- Work request: The complete listing should be copied out exactly.

- Data section:
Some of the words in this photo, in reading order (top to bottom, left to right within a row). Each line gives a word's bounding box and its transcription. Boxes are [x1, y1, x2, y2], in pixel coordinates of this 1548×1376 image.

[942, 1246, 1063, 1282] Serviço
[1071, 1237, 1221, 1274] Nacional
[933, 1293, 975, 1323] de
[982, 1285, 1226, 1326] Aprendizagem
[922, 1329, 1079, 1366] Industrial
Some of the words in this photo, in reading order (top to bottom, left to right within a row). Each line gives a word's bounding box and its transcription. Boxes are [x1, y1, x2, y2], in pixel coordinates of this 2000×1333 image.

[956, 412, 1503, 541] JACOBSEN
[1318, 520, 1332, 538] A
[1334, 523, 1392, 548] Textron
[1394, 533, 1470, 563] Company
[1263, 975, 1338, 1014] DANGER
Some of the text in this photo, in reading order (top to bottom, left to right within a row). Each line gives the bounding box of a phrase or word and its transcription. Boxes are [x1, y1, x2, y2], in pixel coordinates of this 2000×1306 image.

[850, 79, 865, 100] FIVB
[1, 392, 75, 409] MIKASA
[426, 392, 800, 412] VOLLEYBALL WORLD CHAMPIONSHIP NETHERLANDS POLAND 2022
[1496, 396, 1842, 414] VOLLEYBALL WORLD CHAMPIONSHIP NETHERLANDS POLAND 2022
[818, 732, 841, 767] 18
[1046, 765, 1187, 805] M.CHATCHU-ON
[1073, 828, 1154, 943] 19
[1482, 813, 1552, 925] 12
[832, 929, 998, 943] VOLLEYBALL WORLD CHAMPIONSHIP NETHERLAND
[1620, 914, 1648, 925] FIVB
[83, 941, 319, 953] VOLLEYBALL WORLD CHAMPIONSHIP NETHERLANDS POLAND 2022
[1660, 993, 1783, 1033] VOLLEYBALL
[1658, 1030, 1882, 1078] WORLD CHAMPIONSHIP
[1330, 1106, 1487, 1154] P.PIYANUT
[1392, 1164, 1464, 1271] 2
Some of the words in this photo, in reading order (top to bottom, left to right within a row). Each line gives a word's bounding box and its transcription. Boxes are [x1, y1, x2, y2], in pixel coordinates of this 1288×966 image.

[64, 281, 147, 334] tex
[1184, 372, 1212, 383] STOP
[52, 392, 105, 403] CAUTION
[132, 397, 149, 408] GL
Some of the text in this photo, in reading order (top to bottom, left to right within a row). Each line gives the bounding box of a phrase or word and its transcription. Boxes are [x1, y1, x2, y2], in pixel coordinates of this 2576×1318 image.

- Reply:
Some of the words in this photo, in reading order (top to bottom, left to right within a row). Each line gives a word's bounding box and its transcription. Boxes are [x1, y1, x2, y2], in pixel coordinates of this 1548×1376 image.

[942, 1246, 1063, 1282] Serviço
[1071, 1237, 1221, 1274] Nacional
[933, 1293, 975, 1323] de
[982, 1285, 1226, 1326] Aprendizagem
[922, 1329, 1079, 1366] Industrial
Some of the words in this photo, in reading order (top to bottom, left to right within a row). Each line gives a word's bounding box and its transcription. Boxes are [x1, y1, x2, y2], in pixel coordinates of this 2000×1333 image.

[956, 412, 1503, 541] JACOBSEN
[1318, 520, 1332, 538] A
[1334, 523, 1392, 548] Textron
[1394, 533, 1470, 563] Company
[1263, 975, 1338, 1014] DANGER
Some of the text in this photo, in reading order (top to bottom, left to right within a row). Each line gives the bounding box of a phrase or word and its transcription. Boxes are [x1, y1, x2, y2], in pixel coordinates of this 2000×1306 image.

[850, 79, 865, 100] FIVB
[1, 392, 75, 409] MIKASA
[426, 392, 800, 412] VOLLEYBALL WORLD CHAMPIONSHIP NETHERLANDS POLAND 2022
[1496, 396, 1842, 414] VOLLEYBALL WORLD CHAMPIONSHIP NETHERLANDS POLAND 2022
[818, 732, 841, 767] 18
[1046, 765, 1187, 805] M.CHATCHU-ON
[1073, 828, 1154, 943] 19
[1482, 813, 1552, 925] 12
[832, 929, 998, 943] VOLLEYBALL WORLD CHAMPIONSHIP NETHERLAND
[1620, 914, 1648, 925] FIVB
[83, 941, 319, 953] VOLLEYBALL WORLD CHAMPIONSHIP NETHERLANDS POLAND 2022
[1660, 993, 1783, 1033] VOLLEYBALL
[1658, 1030, 1882, 1078] WORLD CHAMPIONSHIP
[1330, 1106, 1487, 1154] P.PIYANUT
[1392, 1164, 1464, 1271] 2
Some of the words in this photo, in reading order (top to bottom, left to right within a row). Each line gives a word's bounding box and its transcription. Boxes are [x1, y1, x2, y2], in pixel coordinates of this 1288×966 image.

[64, 281, 147, 334] tex
[1184, 372, 1212, 383] STOP
[52, 392, 105, 403] CAUTION
[132, 397, 149, 408] GL
Some of the text in this photo, in reading order (top to bottom, left to right within a row). Each line gives the bounding box of a phrase or word and its transcription. Boxes are [x1, y1, x2, y2], in pixel coordinates of this 2576×1318 image.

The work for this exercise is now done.